I giovani musulmani: “Vogliamo aprirci alla città per superare pregiudizi e paure”
RIMINI - Si chiamano Halima, Michele, Khairiyyah, Omaima, Chady, Rim, Habib, Tarik, Mohamed, Reda e Yassin. Hanno tra i 17 e i 26 anni, studiano, lavorano e hanno in comune la fede nell’Islam. Sono i giovani musulmani che, una volta alla settimana, si incontrano insieme ad altri ragazzi al Centro Giovani “RM25”. Yassin, marocchino, è stato il primo studente straniero di Chimica industriale del Campus di Rimini. È lui, insieme ad altri ragazzi, ad avere l’intuizione di creare a Rimini una sezione Giovani musulmani italiani dell’associazione nata a Milano da musulmani di seconda generazione e ha iniziato a cercare contatti tramite la creazione di un gruppo Facebook. Mohamed, che ha 23 anni, con Omaima e Khairiyyah ha dato vita ufficialmente all’associazione e ne è diventato presidente. “Nei nostri incontri approfondiamo lo studio del Corano e i principi dell’Islam, preghiamo insieme, siamo un gruppo di amici. I nostri valori fondamentali sono famiglia, fede ed educazione”, racconta Mohamed. Ma non solo. “In questo anno e mezzo di attività abbiamo cercato di farci conoscere, aprirci alla città. Per questo abbiamo partecipato a eventi pubblici come il Festival Interazioni, al Mese per le famiglie, alla Giornata mondiale contro il razzismo, abbiamo organizzato una cena di solidarietà per Gaza – continua – Da qualche settimana organizziamo anche corsi di arabo con alcuni volontari. Queste sono attività per farci conoscere, ma non solo. Abbiamo capito che è necessario aprirci agli altri, per superare pregiudizi e paure. Nella provincia di Rimini ci sono 8 centri di cultura islamica: vogliamo essere di sostegno alla comunità”.

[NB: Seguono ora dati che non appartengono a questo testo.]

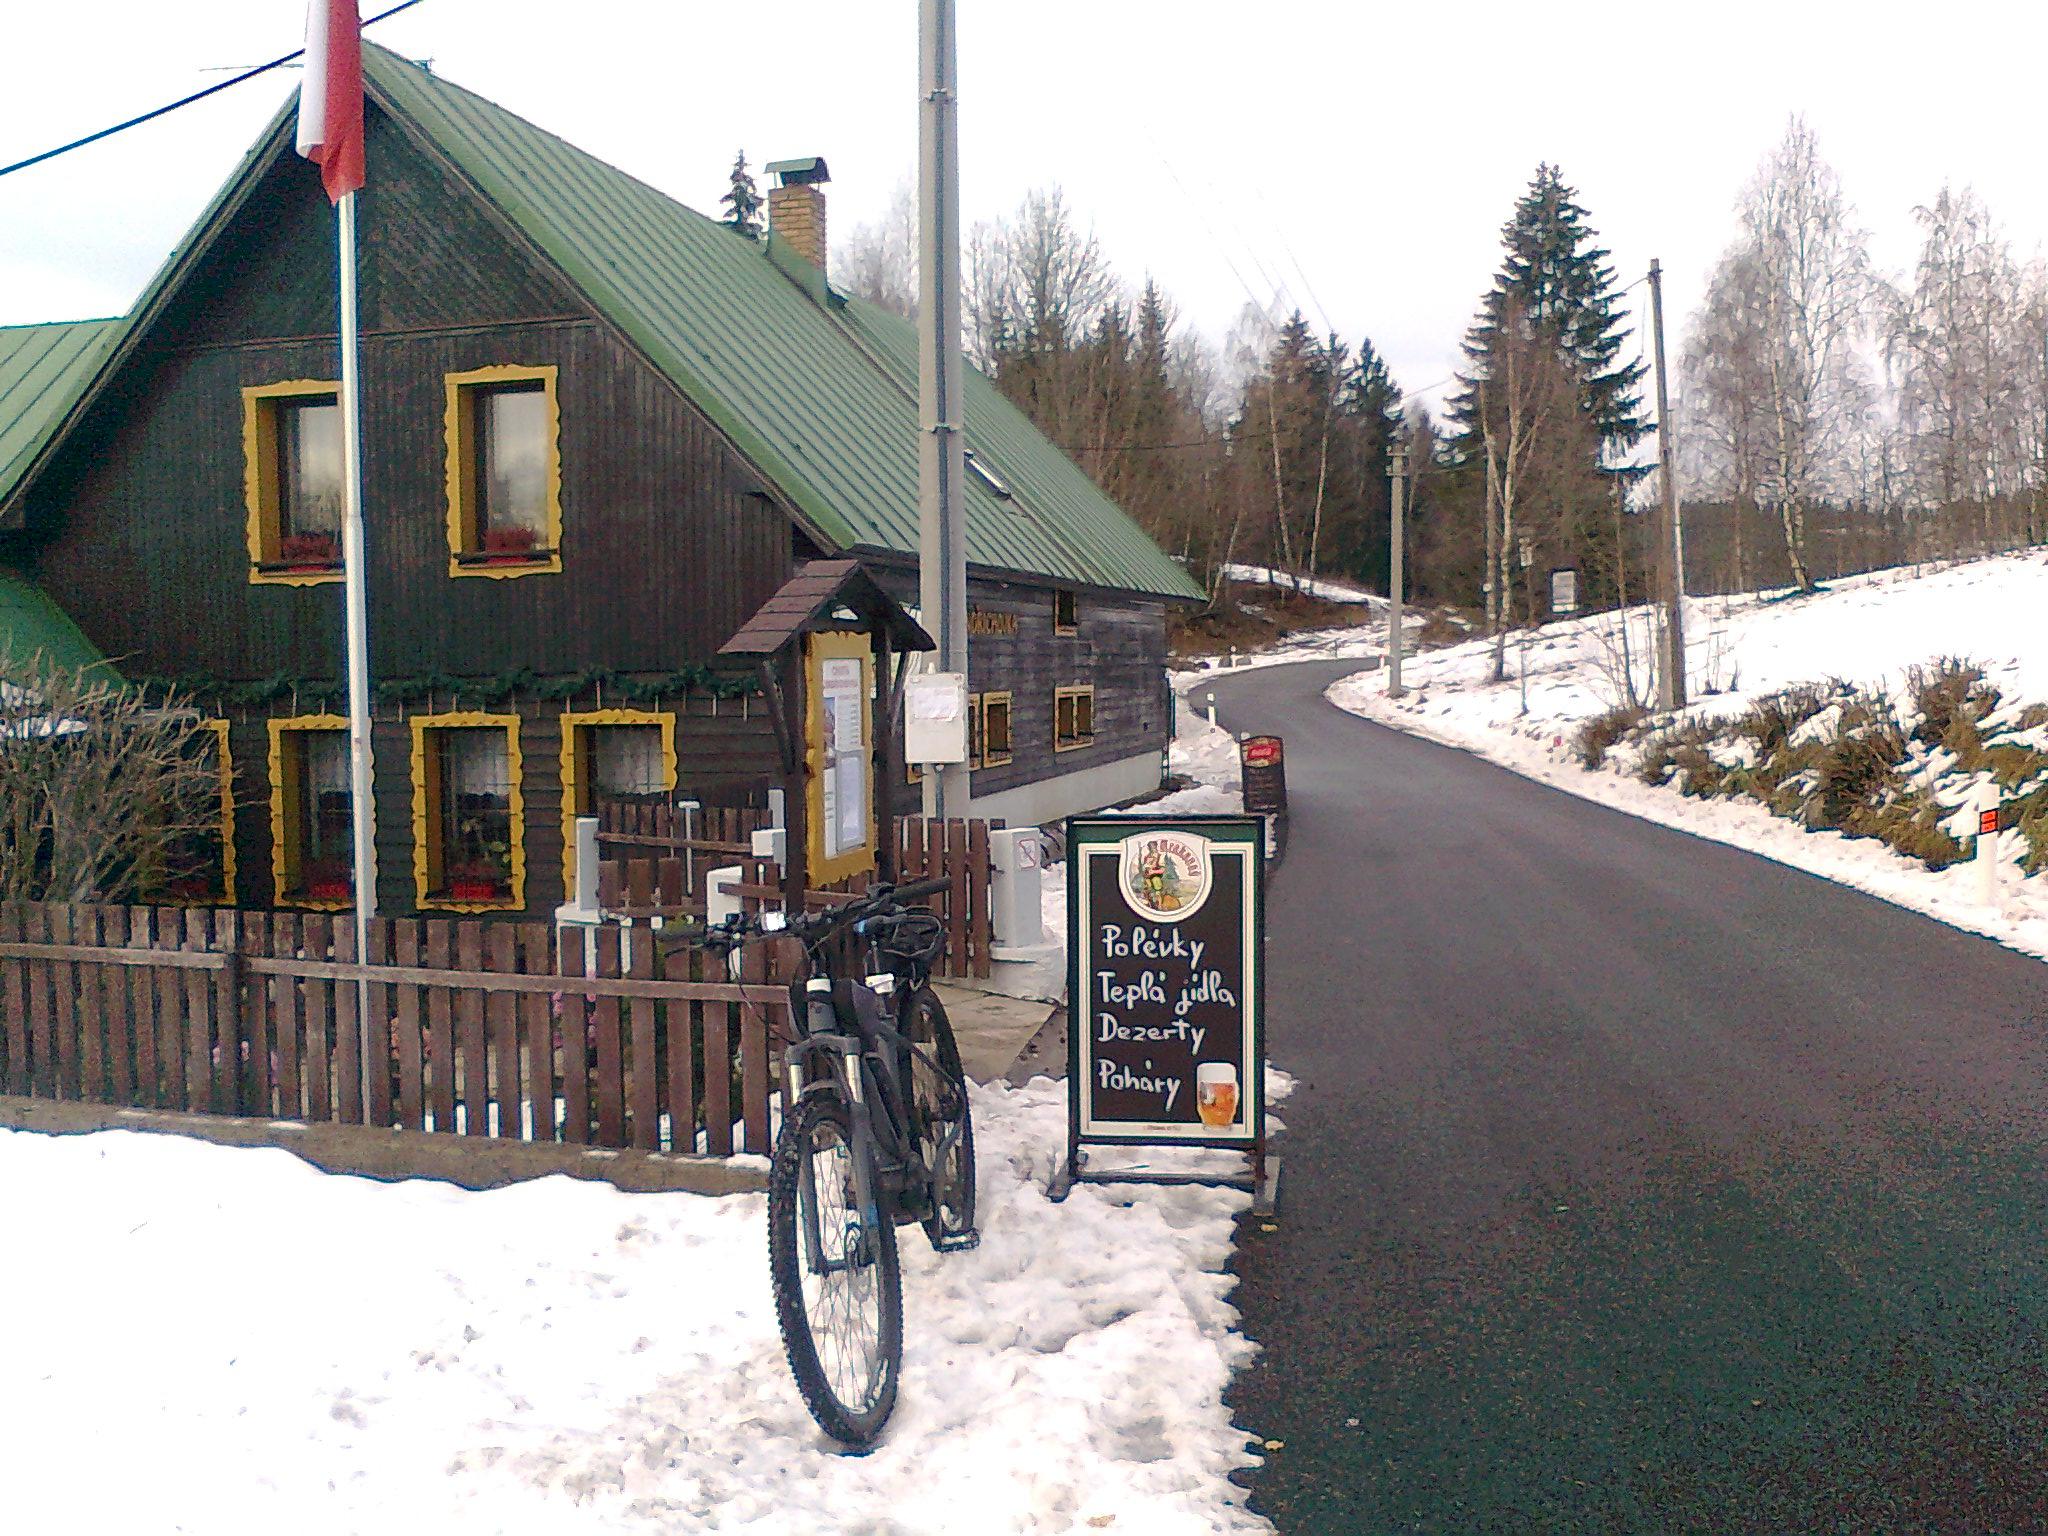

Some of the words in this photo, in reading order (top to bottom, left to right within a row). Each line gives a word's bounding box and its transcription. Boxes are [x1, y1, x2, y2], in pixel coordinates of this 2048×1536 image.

[1101, 924, 1205, 970] Polévky
[1097, 970, 1166, 1010] Teplá
[1175, 969, 1236, 1016] jídla
[1097, 1012, 1205, 1056] Dezerty
[1098, 1058, 1181, 1112] Poháry

“Si parla moltissimo dei musulmani, ma mai con i musulmani” – aggiunge Omaima, dagli occhi grandi e il sorriso gentile, nata in Italia da una famiglia marocchina, ha 18 anni e frequenta l’Istituto economico turistico di Morciano. È diventata tristemente famosa lo scorso anno perché, a causa del velo, un albergo ha rifiutato di offrirle ospitalità per svolgere il tirocinio formativo previsto dalla sua scuola. “Per le ragazze che scelgono di indossare il velo trovare lavoro è ancora difficile. È una paura irrazionale, che nasce da una mancanza di conoscenza. Per questo l’anno scorso in piazza Cavour in occasione di Interazioni abbiamo lanciato una provocazione: ‘Vi sveliamo il velo’, uno stand dove provare a indossare il velo e a informarsi su questa usanza. Abbiamo ricevuto tantissime domande, lo stand ha suscitato interesse e curiosità e ci ha fatto molto piacere”.

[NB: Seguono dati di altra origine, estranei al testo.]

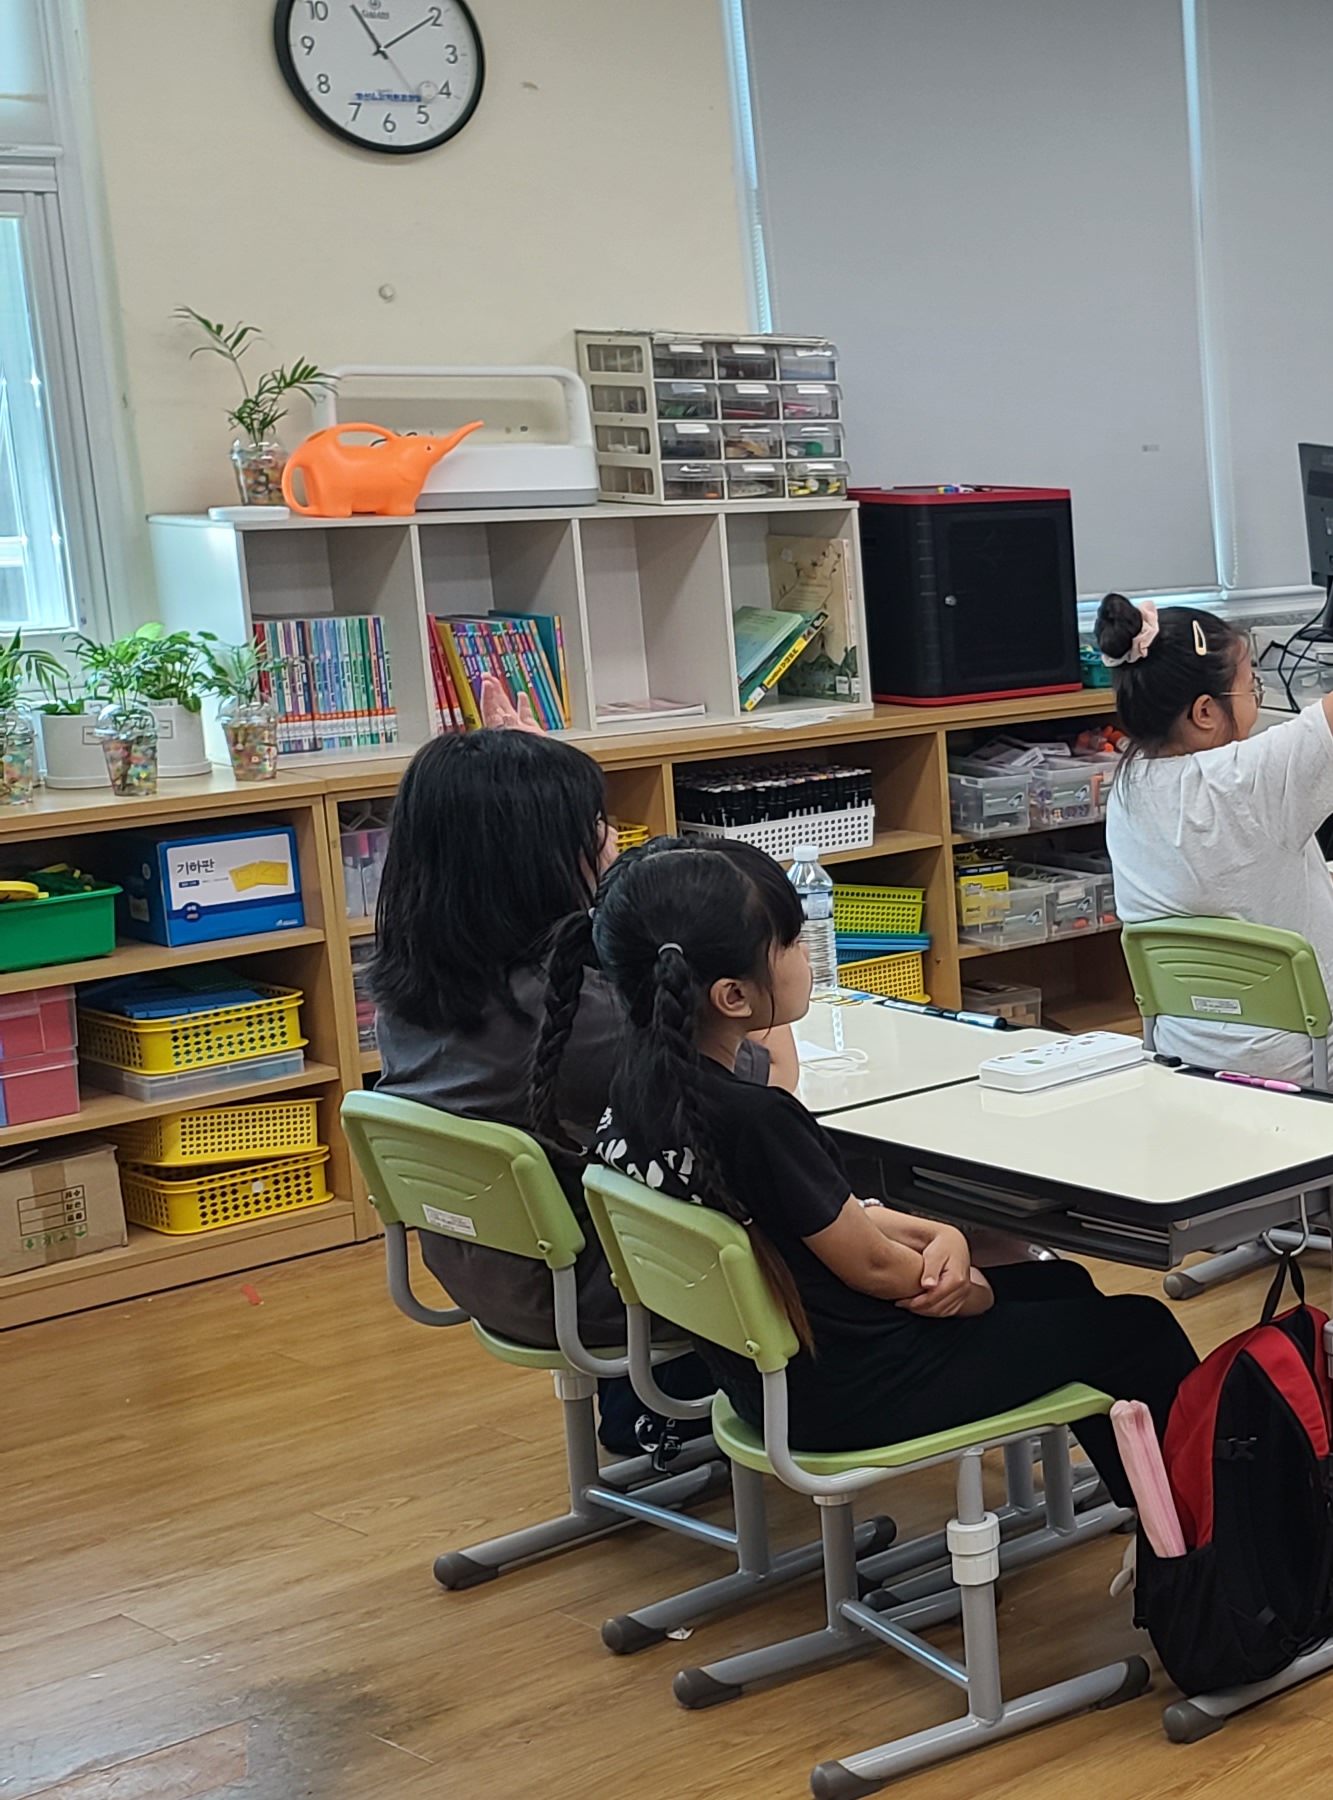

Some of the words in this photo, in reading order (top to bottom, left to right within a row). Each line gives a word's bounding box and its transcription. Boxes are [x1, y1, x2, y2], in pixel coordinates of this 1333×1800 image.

[304, 0, 328, 21] 10
[428, 6, 443, 27] 2
[301, 36, 315, 56] 9
[444, 44, 458, 64] 3
[316, 73, 331, 94] 8
[438, 80, 452, 99] 4
[348, 102, 362, 121] 7
[417, 105, 430, 125] 5
[383, 113, 396, 133] 6
[177, 858, 215, 875] 기하판

Inevitabile affrontare con i ragazzi il tema del terrorismo, sui loro volti rabbia e senso di impotenza quando si toccano questi argomenti che li coinvolgono loro malgrado. “Passiamo la vita a doverci giustificare e dissociare – spiega, ancora, Omaima – ed è terribile. Il terrorismo non ha niente a che fare con la nostra religione. Perché devo prendere le distanze da qualcosa che è anni luce lontano da ma e dalla mia fede? Terrorismo è anche incitare al terrore come, purtroppo, molti mezzi di comunicazione stanno facendo utilizzando un linguaggio violento, infarcito di pregiudizi, che attacca l’Islam come se tutti noi musulmani fossimo responsabili delle tragedie che avvengono nel mondo. La strada da percorrere è invece, secondo noi, quella della cooperazione e della non violenza”.
Khairiyyah ha 21 anni e studia Beni Culturali a Urbino, è di origine somala e sogna un giorno di visitare il Paese in cui sua madre è nata: “Dopo la strage di Charlie Hebdo, l’associazione universitaria Slash ci ha invitati a intervenire a un dibattito all’interno dell’Università. Siamo stati molto grati all’Associazione e per noi è stata un’occasione molto importante per fare ascoltare il nostro punto di vista. Pensiamo che momenti come questi siano fondamentali. Di una cosa sono fermamente convinta: sono molto più le cose che ci accomunano, di quelle che ci dividono. Cristiani, ebrei e musulmani dovrebbero ricordarsene per camminare insieme. Io studio arte e mi vengono in mente i tanti meravigliosi mosaici del Sud Italia dove si intrecciano le tradizioni di popoli diversi (normanni, arabi, …). Come in un mosaico dobbiamo costruire qualcosa di bello insieme, non distruggerci reciprocamente guardando solo alle differenze”.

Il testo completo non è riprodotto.